2. “A Europa foi e é percorrida a pé. (…) A cartografia da Europa é determinada pelas capacidades, pelos horizontes percecionados dos pés humanos. Os homens e as mulheres percorrem a pé os seus mapas (…) [e] o mais das vezes, as distâncias têm uma escala humana, podem ser dominados pelo viajante que se desloque a pé, pelo peregrino até Compostela, seja ele solitaire ou gregário” (Steiner, 28). Longe das paisagens inóspitas e intransponíveis de outras latitudes, a proximidade da Europa sugere um tempo mais histórico-humano que geológico. As pegadas da marcha dos batalhões confundem-se nos anais da História com os movimentos migratórios; e as peregrinações anuais dão tantas vezes lugar a deambulações filosóficas peripatéticas. E nesse caminhar juntos, como não lembrar o papel do comércio intra-Europeu, num interminável “toma lá, dá cá” de bens, serviços, capitais e pessoas; no intercâmbio emancipatório de estudantes ou na livre circulação anunciadora de fé e cultura.

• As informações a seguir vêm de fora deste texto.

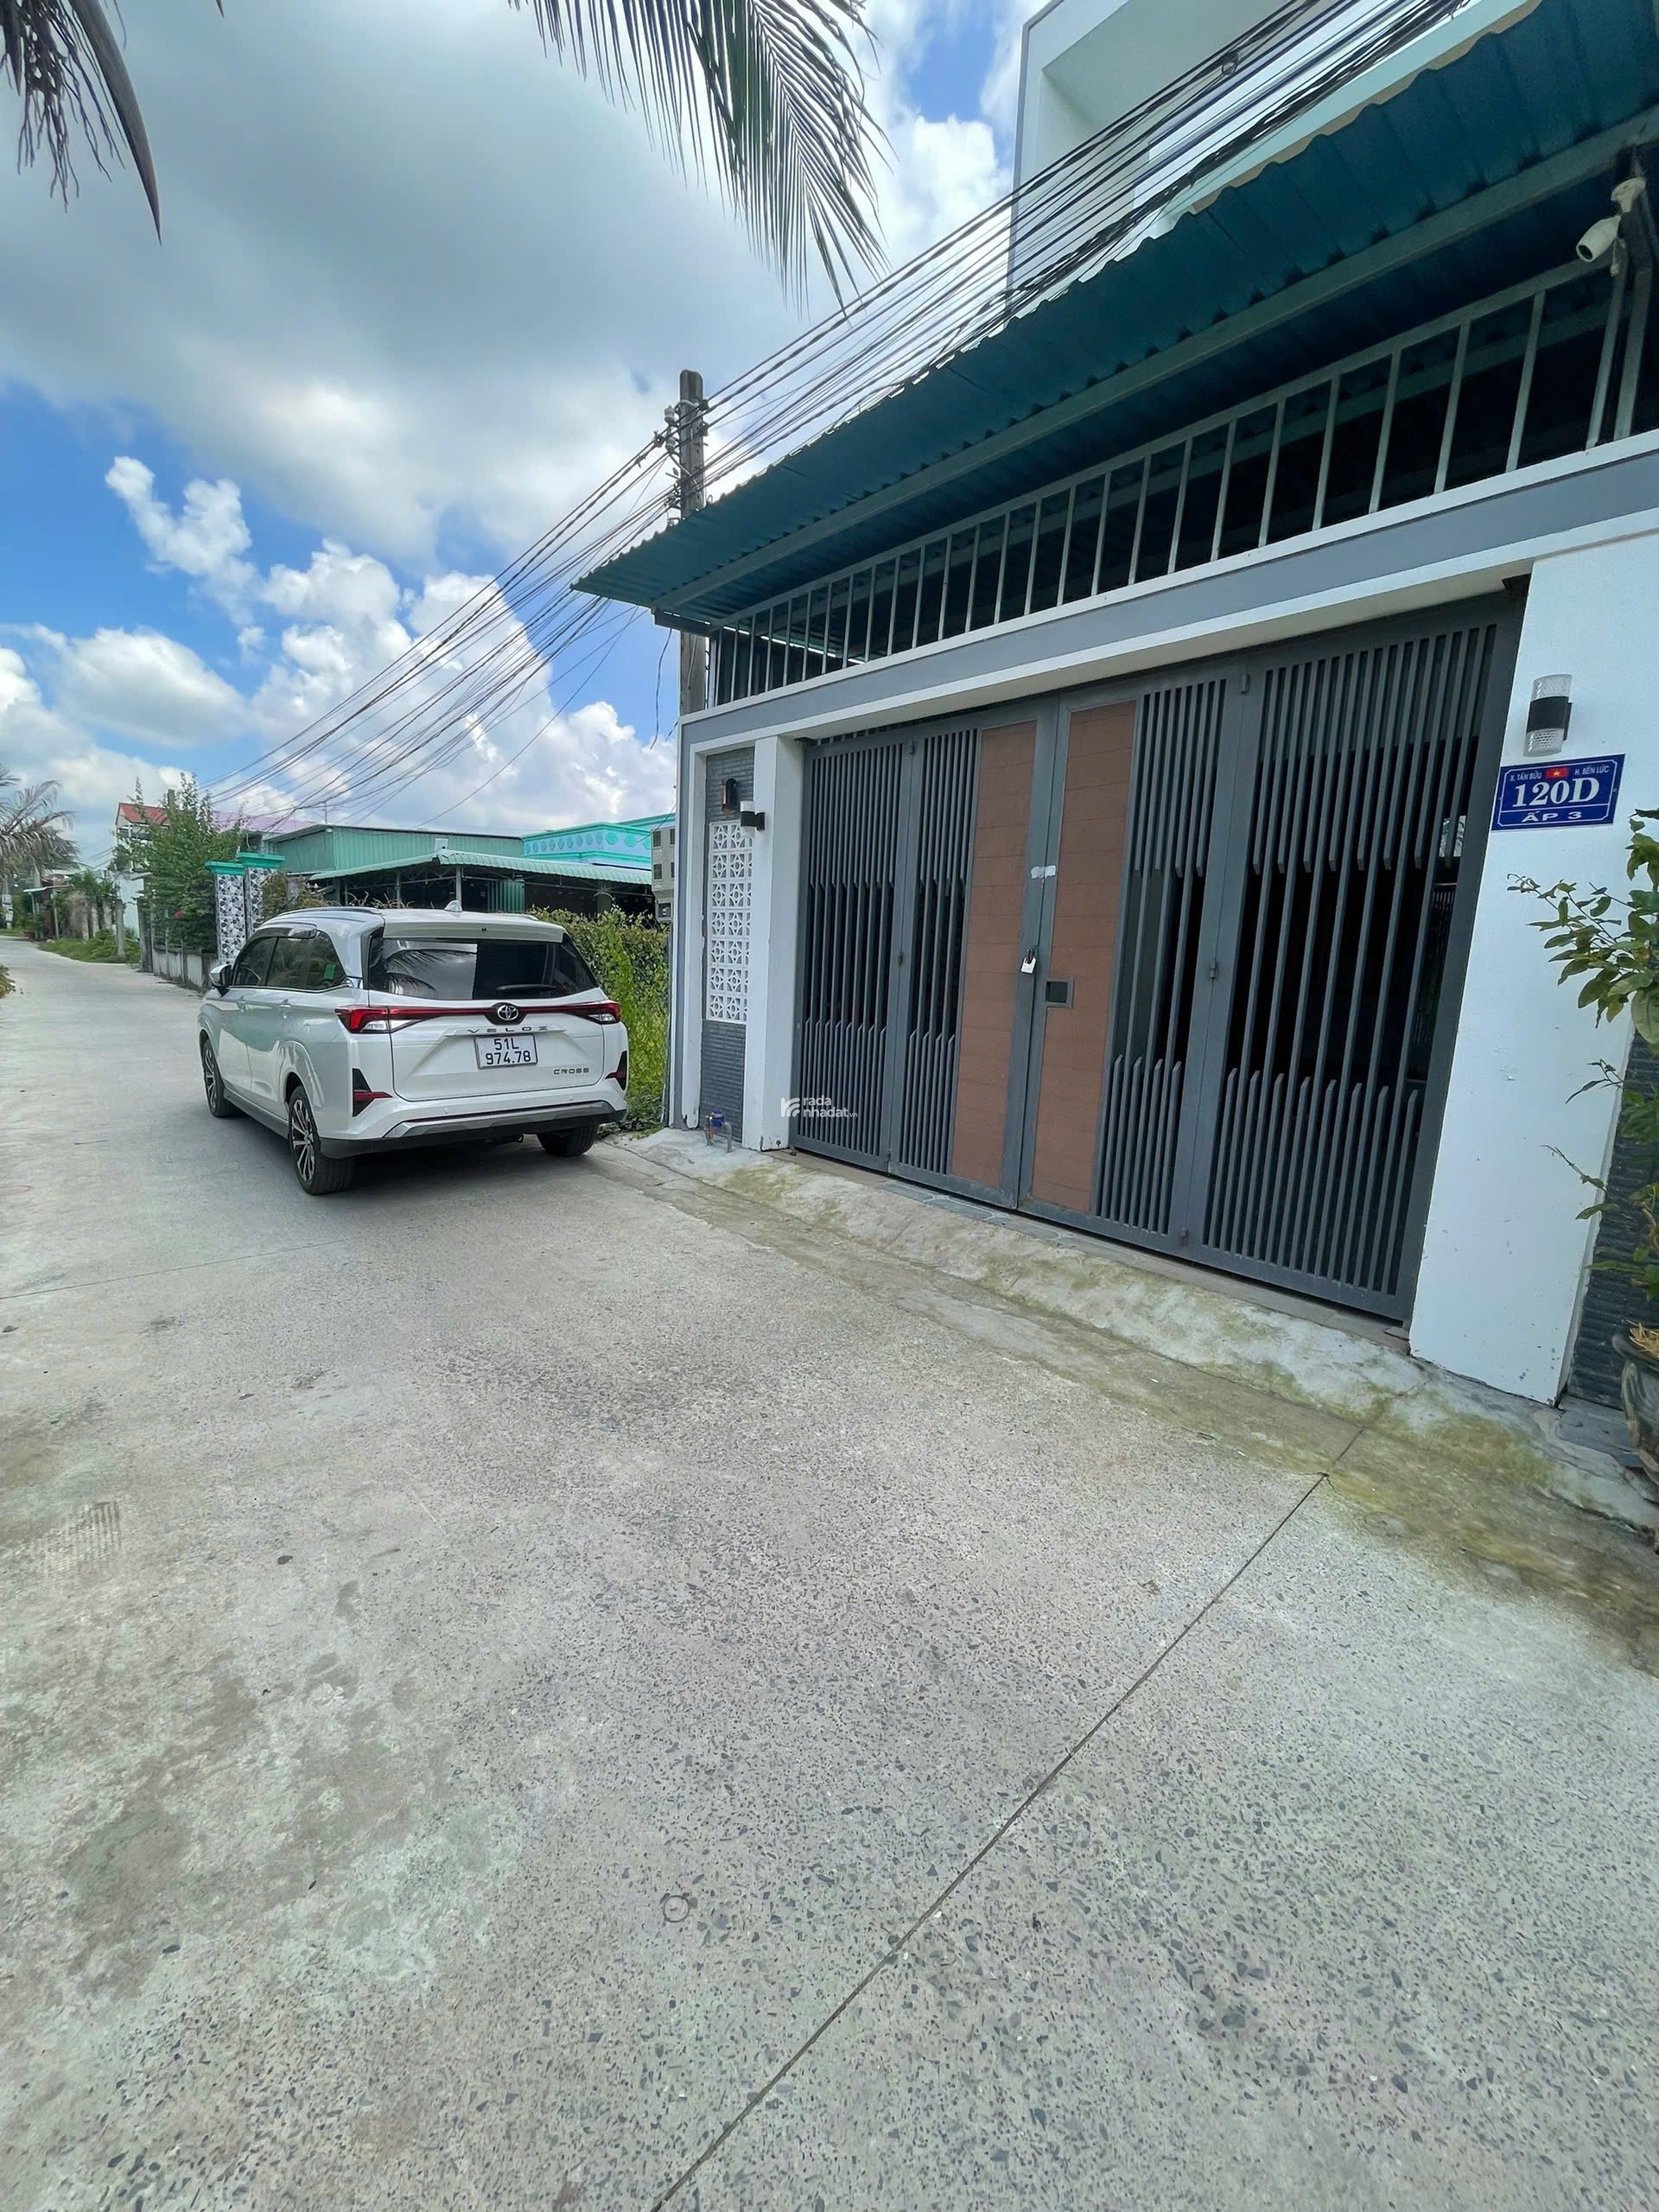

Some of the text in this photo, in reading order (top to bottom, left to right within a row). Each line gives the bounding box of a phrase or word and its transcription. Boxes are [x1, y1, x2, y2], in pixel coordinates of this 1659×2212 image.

[1512, 777, 1600, 808] 120D
[1521, 810, 1582, 823] ẤP 3
[467, 1026, 549, 1034] VELOZ
[493, 1037, 520, 1052] 51L
[485, 1050, 531, 1065] 974.78

3. “As ruas, as praças calcorreadas pelas mulheres, crianças e homens europeus são cem vezes mais designadas segundo estadistas, figuras militares, poetas, artistas, compositores, cientistas e filósofos” (Steiner, 32). A civilização europeia como que acumula em camadas o saber e o legado de gerações, que em placas discretas e omnipresentes deixam a sua marca. As ruas e fóruns da nossa vida, longe de serem meras contingências espaciotemporais, trazem em si o peso silencioso de quem lhes imprimiu caráter, seja ele conferido por massacres odiosos ou gestos heróicos. À vertigem de cada passo, sobrepõem-se a confiança de se estar enraizado “sobre gigantes”.
4. “A herança dupla de Atenas e Jerusalém, [numa] relação simultaneamente conflituosa e sincrética, ocupou o debate teológico, filosófico e político desde os Doutores da Igreja a Léon Chestov, de Pascal a Leo Strass. (…) Ser europeu é tentar negociar, moralmente, intelectualmente e existencialmente, os ideais, afirmações, praxis rivais da cidade de Sócrates e da cidade de Isaías” (Steiner, 36). Sobre este legado espiritual em sentido amplo, o autor destaca três heranças indiscutivelmente europeias e transcendentes, no sentido em que atestam a nossa índole de sermos – enquanto co-criadores – à imagem de Deus: a música, a matemática e o pensamento filosófico-poético. Se a poesia é definida como “música do pensamento”, a comunicação mística dá-se para os lógicos a partir de um Deus que “canta álgebra”. Já a “invenção da Cristandade”, segundo este autor judeu e crítico do Cristianismo, dá-se na obsessão paulina pela “tensão entre judeus e gregos” (Steiner, 41).
5. “Uma consciência própria escatológica [presente] no «pânico do ano mil» (…) [ou] na teoria da história de Hegel como «um sentido do final», tal como se encontra na formulação pomposa de entropia, de Carnot, da extinção inevitável de toda a energia” (Steiner, 43). Nada como a calamidade do século XX para dar corpo a este arquétipo apocalítico, em campo aberto – das trincheiras à Normandia -, ou em campo fechado – em Auschwitz e nos Gulag. É uma sombra que perdurará sobre todas as luzes, por mais religioso ou cultural que seja o âmbito da questão identitária.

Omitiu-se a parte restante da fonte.